Ousmane Dembélé llegó a la disciplina blaugrana el año pasado y nos ha dejado muchas jugadas muy buenas para vídeos de highlights, pero su rendimiento ha sido irregular. Dembélé está haciendo una gran temporada, el martes hizo lo que quiso con Dubois y tuvo alguna de las ocasiones más claras. El francés tuvo dos ocasiones en las que falló el último pase decisivo que dejaría a Suárez sólo para adelantar en la eliminatoria a los blaugrana.
El francés demostró su buen nivel de forma con el descaro que le caracteriza. Provocó cuatro faltas y creó cuatro ocasiones, en la que la más clara fue un mano a mano frente a Lopes que solventó bien el guardameta portugués del Olympique de Lyon. En esta edición de la UEFA Champions League lleva dos goles y una asistencia que le valieron al Barça 3 puntos que ayudaron a los de Valverde a ser líderes de grupo.
Ousmane también está aprovechando el mal momento de su compañero de equipo y rival en la posición, Coutinho. El brasileño no está aprovechando las oportunidades que le da el míster y sigue haciendo que Dembélé crezca futbolísticamente en el once blaugrana. Su papel en el equipo está creciendo y el francés lleva 8 goles en Liga, 2 en Copa del Rey y 1 en la Supercopa, frente al Sevilla que le daría el título a los culés.
Con esos registros, el segundo fichaje más caro en la historia del F.C. Barcelona ha anotado los mismo goles, sólo con los 8 de la Liga, que en su temporada en el Dortmund (6g. en Bundesliga y 2g. en Champions) y está a tan sólo dos de su primera temporada en la élite con el Rennes (12 goles en Ligue 1).
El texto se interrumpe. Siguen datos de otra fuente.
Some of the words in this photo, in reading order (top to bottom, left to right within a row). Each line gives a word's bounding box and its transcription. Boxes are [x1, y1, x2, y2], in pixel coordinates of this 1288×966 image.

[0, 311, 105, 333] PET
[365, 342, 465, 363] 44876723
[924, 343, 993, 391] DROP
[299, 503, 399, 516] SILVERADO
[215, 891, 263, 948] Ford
Al jugador francés no se le ve del todo cómodo en la ciudad condal y es que su relación con Messi y Suárez no es la idónea para el extremo. Aunque en los últimos encuentros veamos a un Dembélé más activo y con ganas de intentarlo se ve como Leo Messi y Luis Suárez no están cómodos cuando el francés está en el verde. Cada vez que tiene una imprecisión ambos hacen gestos y ponen mala cara, algo que no ayuda ni al jugador ni al equipo.
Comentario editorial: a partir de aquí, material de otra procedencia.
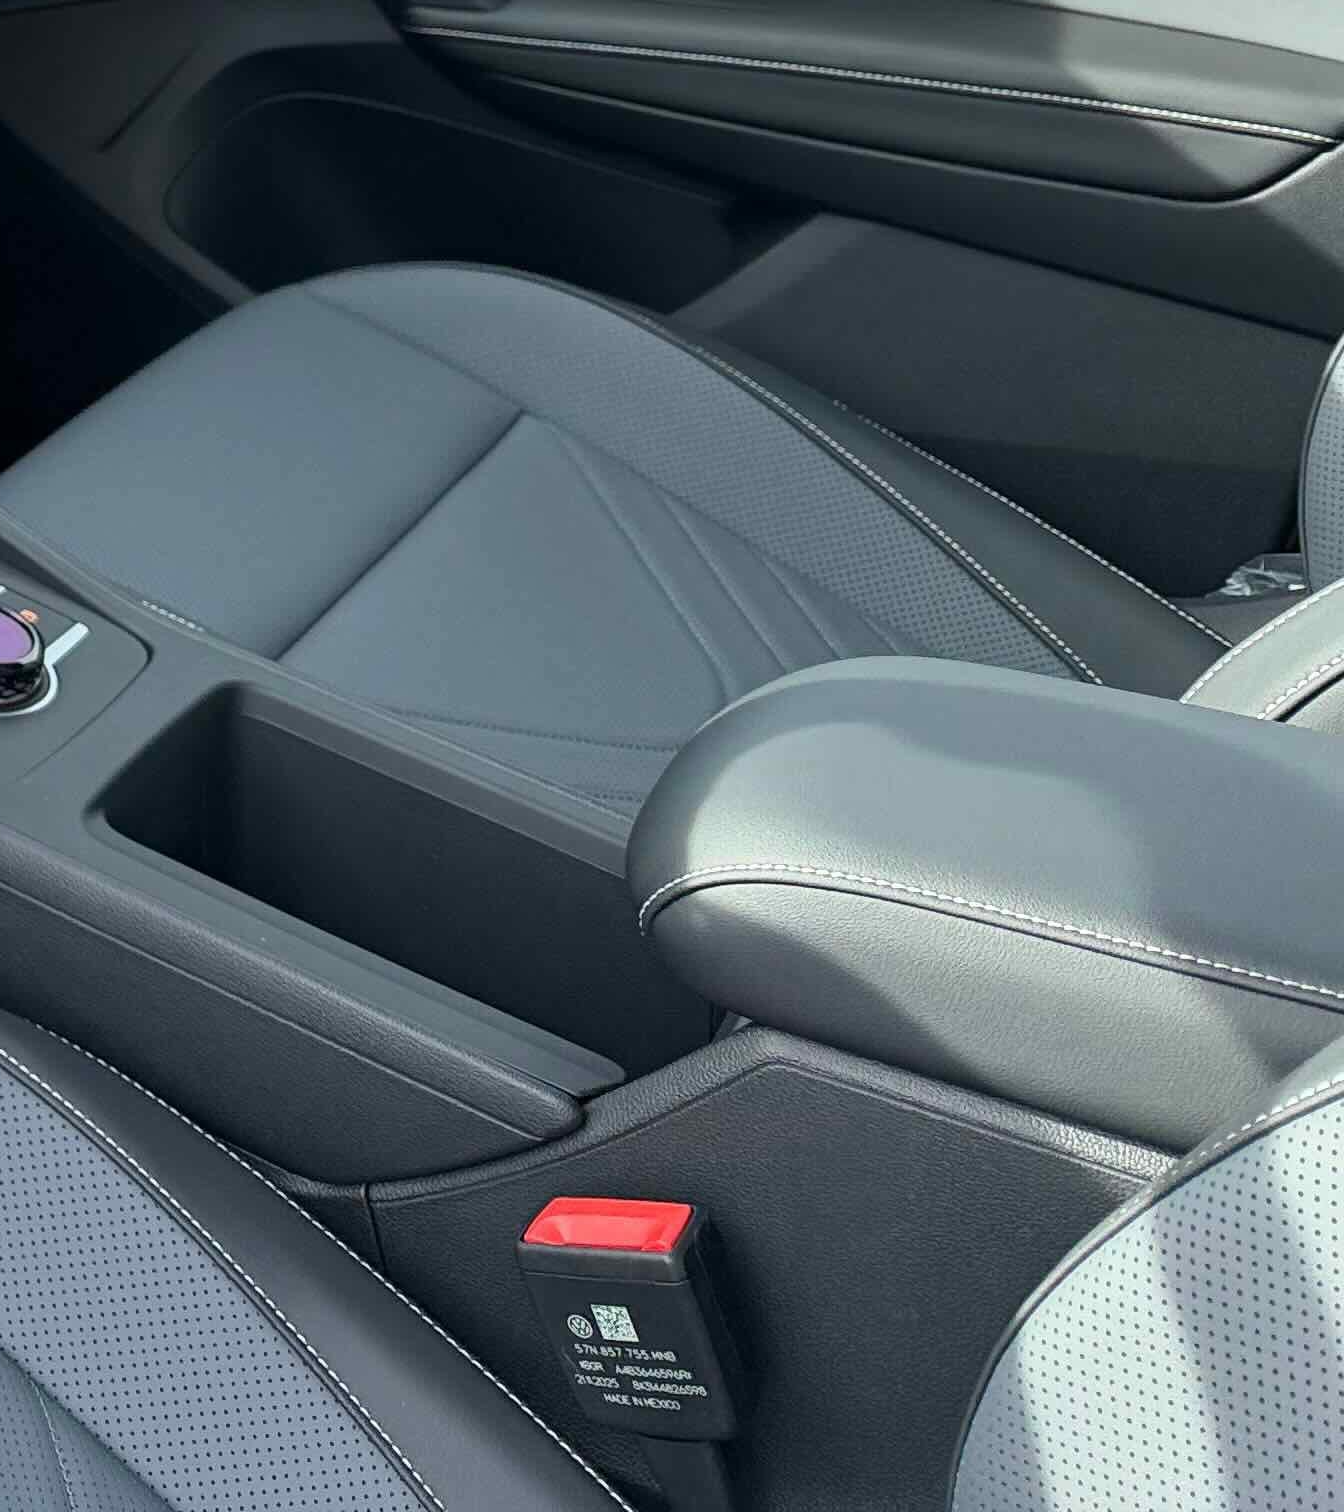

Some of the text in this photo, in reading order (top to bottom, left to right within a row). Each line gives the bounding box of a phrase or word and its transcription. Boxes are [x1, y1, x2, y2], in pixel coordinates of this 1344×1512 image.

[603, 1392, 681, 1411] MADE IN MEXICO
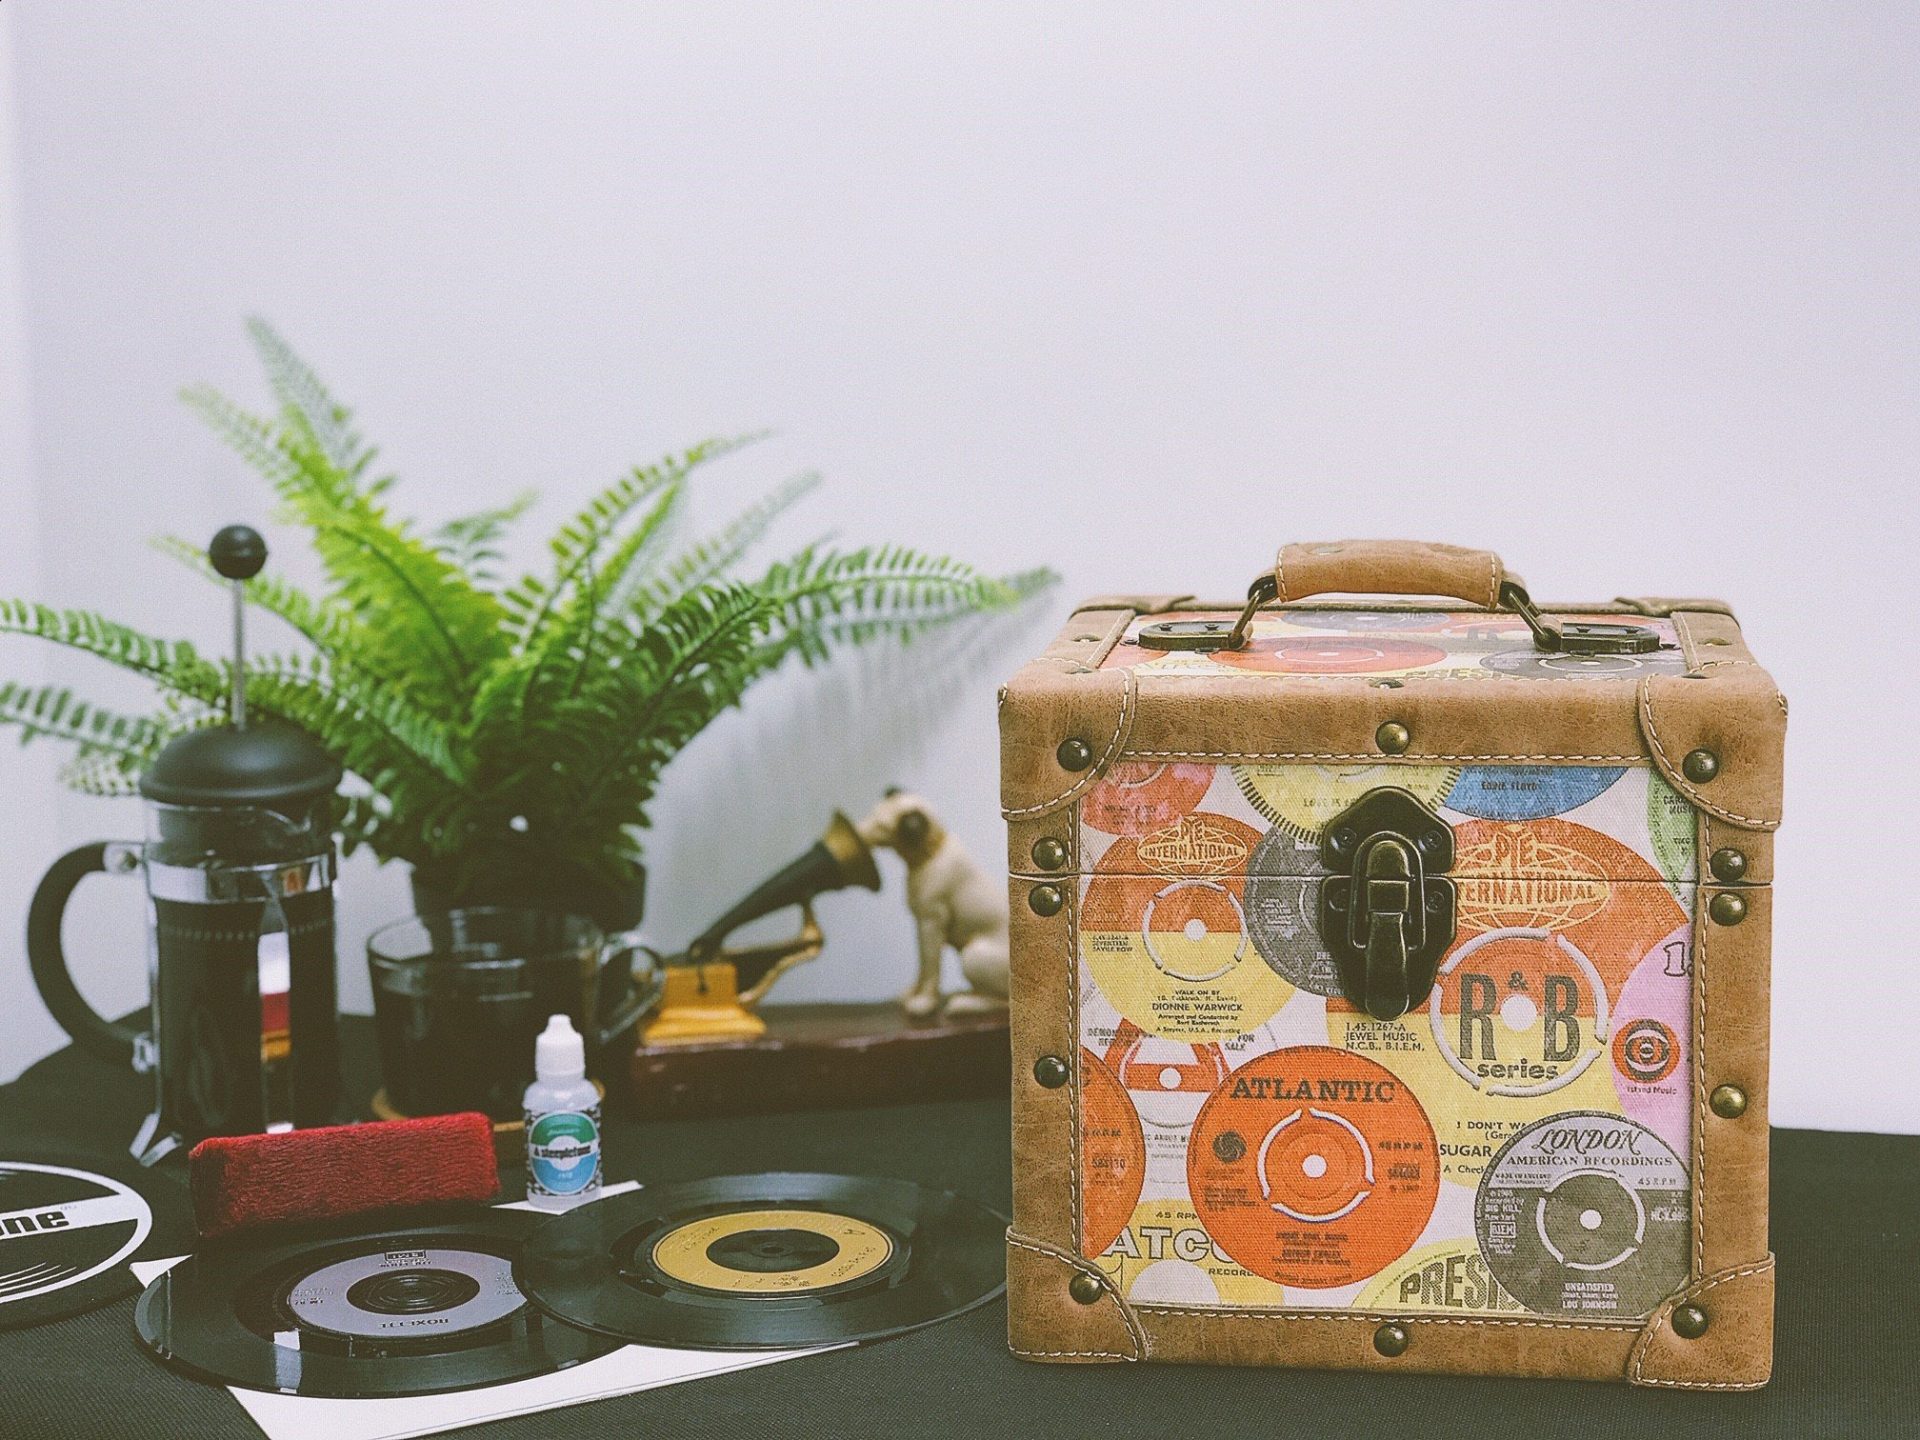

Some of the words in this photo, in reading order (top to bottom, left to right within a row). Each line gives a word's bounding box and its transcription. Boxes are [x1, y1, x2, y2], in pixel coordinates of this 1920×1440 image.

[1144, 842, 1239, 861] INTERNATIONAL
[1459, 880, 1597, 904] ERNATIONAL
[1152, 1002, 1191, 1011] DIONNE
[1194, 1002, 1244, 1012] WARWICK
[1460, 973, 1496, 1061] R
[1508, 971, 1528, 990] &
[1544, 974, 1581, 1062] B
[1346, 1022, 1406, 1032] 1.45.1267-A
[1345, 1032, 1379, 1042] JEWEL
[1382, 1032, 1418, 1042] MUSIC
[1477, 1058, 1558, 1080] series
[1230, 1076, 1396, 1103] ATLANTIC
[1467, 1121, 1503, 1130] DON'T
[1531, 1129, 1643, 1155] LONDON
[1439, 1144, 1492, 1158] SUGAR
[1506, 1155, 1578, 1167] AMERICAN
[1584, 1156, 1673, 1167] RECORDINGS
[1443, 1165, 1452, 1174] A
[0, 1210, 70, 1237] ne
Aunque formen una buena conexión, el francés les ha dado una asistencia a cada uno esa temporada (Messi vs. PSV y Suárez vs. Espanyol). Messi ha asistido al francés en 3 ocasiones: vs. Sevilla en Supercopa, vs. Atlético y vs. Espanyol; mientras que Suárez le asistió vs. Huesca.
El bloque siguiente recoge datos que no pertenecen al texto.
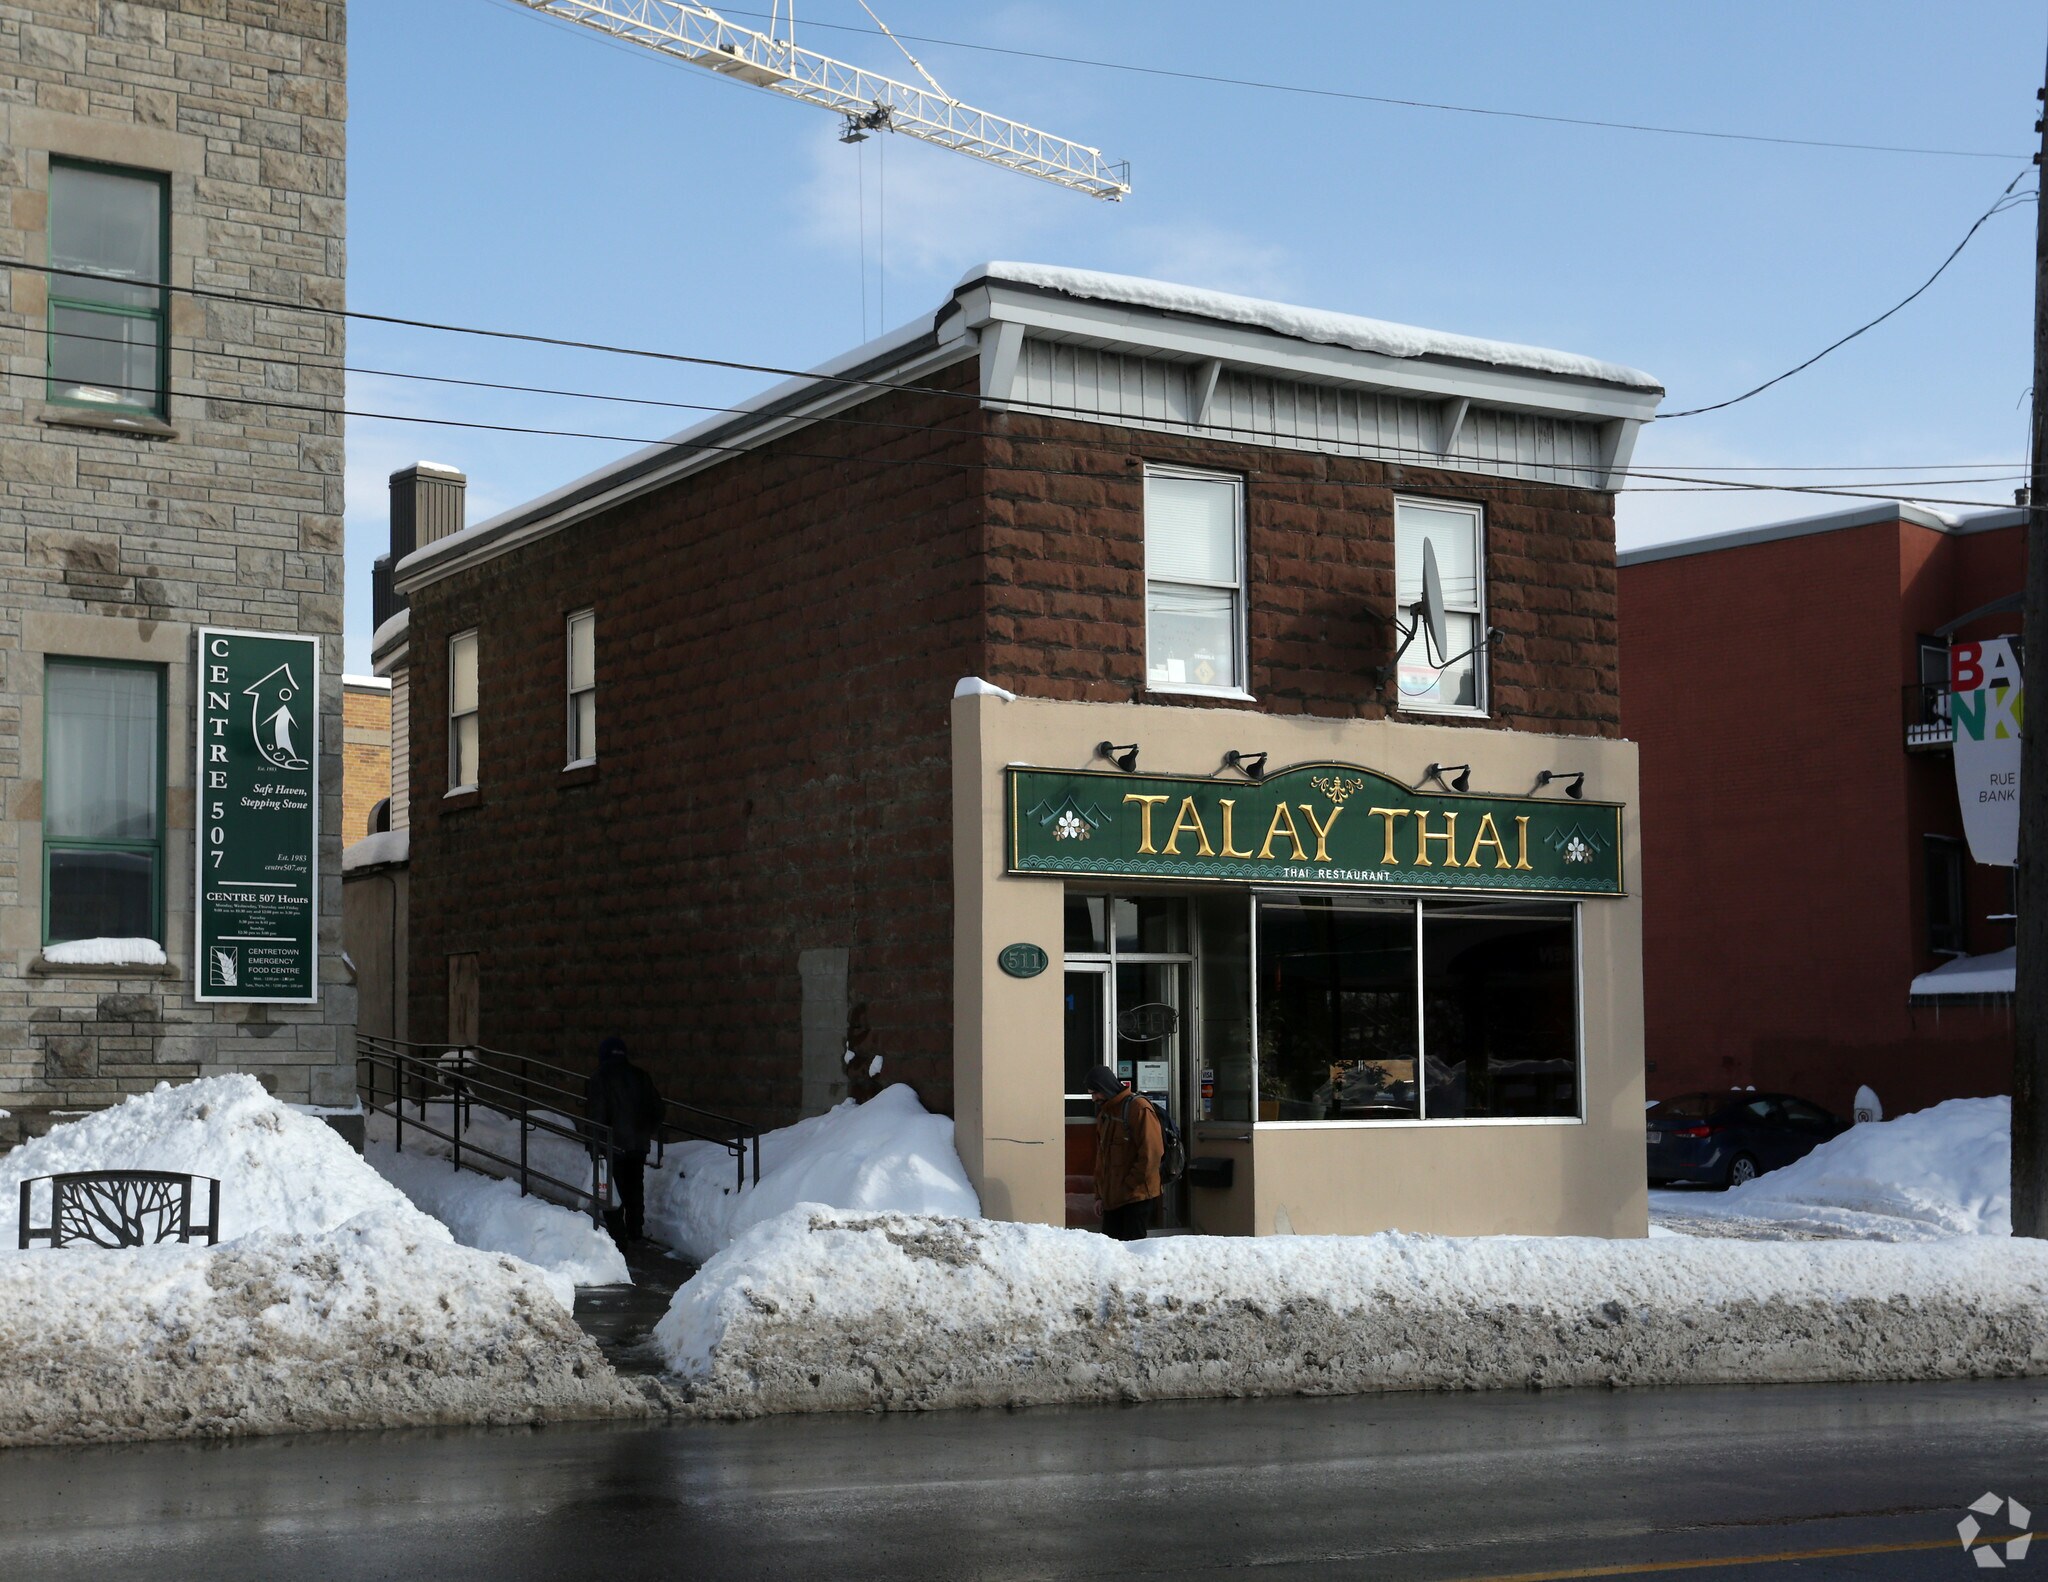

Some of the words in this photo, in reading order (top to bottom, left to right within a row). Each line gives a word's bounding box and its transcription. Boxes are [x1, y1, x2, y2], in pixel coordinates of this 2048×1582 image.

[207, 638, 231, 790] CENTRE
[1990, 773, 2015, 785] RUE
[253, 783, 273, 796] Safe
[275, 784, 307, 796] Haven,
[1979, 789, 2015, 803] BANK
[240, 796, 281, 811] Stepping
[282, 798, 308, 809] Stone
[210, 802, 224, 869] 507
[1122, 793, 1345, 863] TALAY
[1367, 806, 1534, 871] THAI
[277, 853, 289, 861] Est.
[291, 854, 307, 862] 1983
[264, 864, 307, 873] centre507.org
[1284, 868, 1309, 878] THAI
[1318, 869, 1390, 880] RESTAURANT
[206, 892, 257, 902] CENTRE
[259, 894, 275, 903] 507
[278, 895, 309, 904] Hours
[1008, 951, 1040, 969] 511
Es algo evidente el peso del equipo de los tres astros, y el trío que forman es uno de las mejores del momento. Pero Suárez y Messi ensucian sus actuaciones con esos malos gestos hacia el francés. El martes en Lyon fue algo descarado; y es que, si aún no se han fijado, háganlo en el próximo partido y se darán cuenta de todos los malos gestos que hacen ambos.
De todos modos, el francés está volviendo al nivel que le vimos a principio de temporada y va a ser una de las claves si el Barça quiere seguir en la Champions. La actitud de sus compañeros puede ayudar a la confianza de un jugador que no reacciona a esos gestos y que sigue demostrando su deportividad en cada partido. El Barcelona tiene una cuenta pendiente con Dembélé y Valverde le tiene que dar un voto de confianza al extremo francés que está trabajando bien para seguir estando en el ataque blaugrana.